• Exercise aim
The result should be the full listing copied exactly, with no pictures in it.

• Given data

◆ ◆ ◆

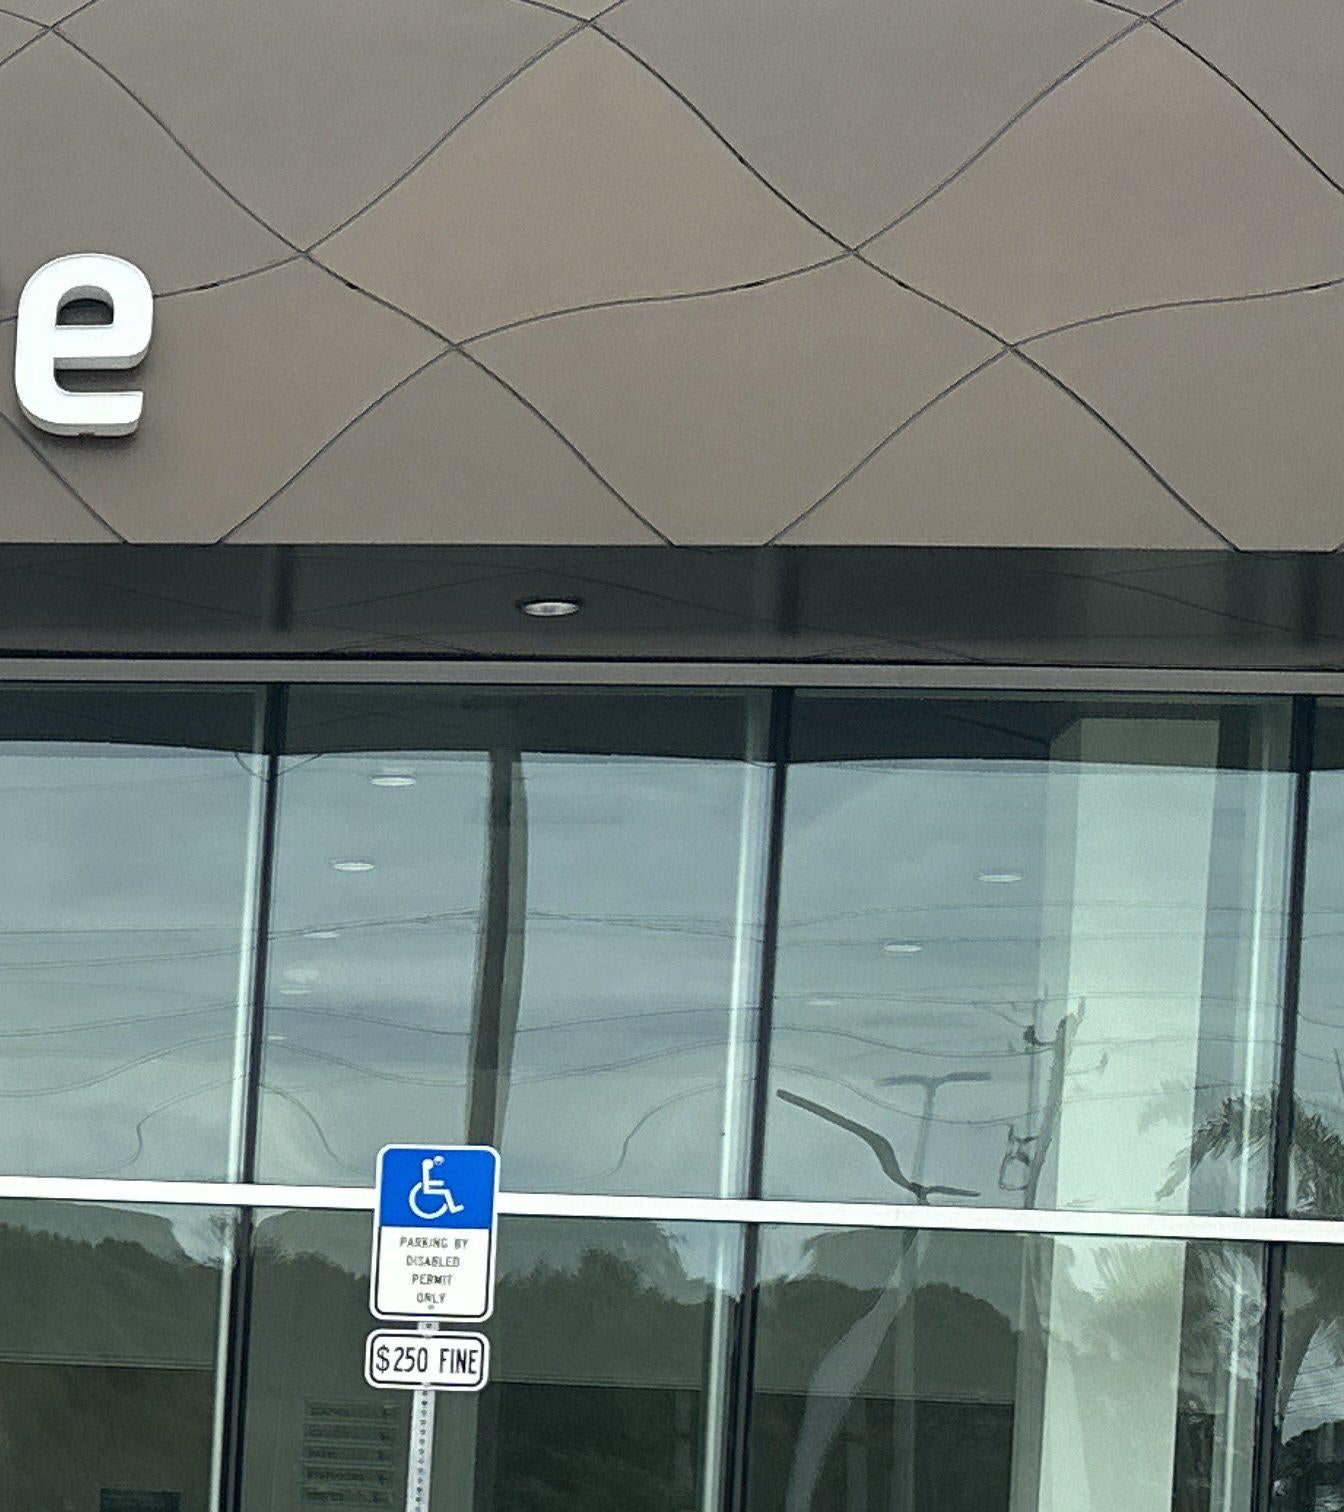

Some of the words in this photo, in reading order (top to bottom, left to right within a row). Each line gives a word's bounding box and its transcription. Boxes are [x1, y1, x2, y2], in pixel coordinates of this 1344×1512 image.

[399, 1236, 448, 1249] PARKING
[454, 1238, 469, 1249] BY
[406, 1255, 461, 1268] DISABLED
[411, 1273, 452, 1286] PERMIT
[416, 1292, 446, 1304] ONLY
[375, 1345, 429, 1374] $250
[439, 1348, 479, 1375] FINE

◆ ◆ ◆

• Task result
Some of the words in this photo, in reading order (top to bottom, left to right within a row). Each line gives a word's bounding box and its transcription. Boxes are [x1, y1, x2, y2], in pixel coordinates of this 1344×1512 image.

[399, 1236, 448, 1249] PARKING
[454, 1238, 469, 1249] BY
[406, 1255, 461, 1268] DISABLED
[411, 1273, 452, 1286] PERMIT
[416, 1292, 446, 1304] ONLY
[375, 1345, 429, 1374] $250
[439, 1348, 479, 1375] FINE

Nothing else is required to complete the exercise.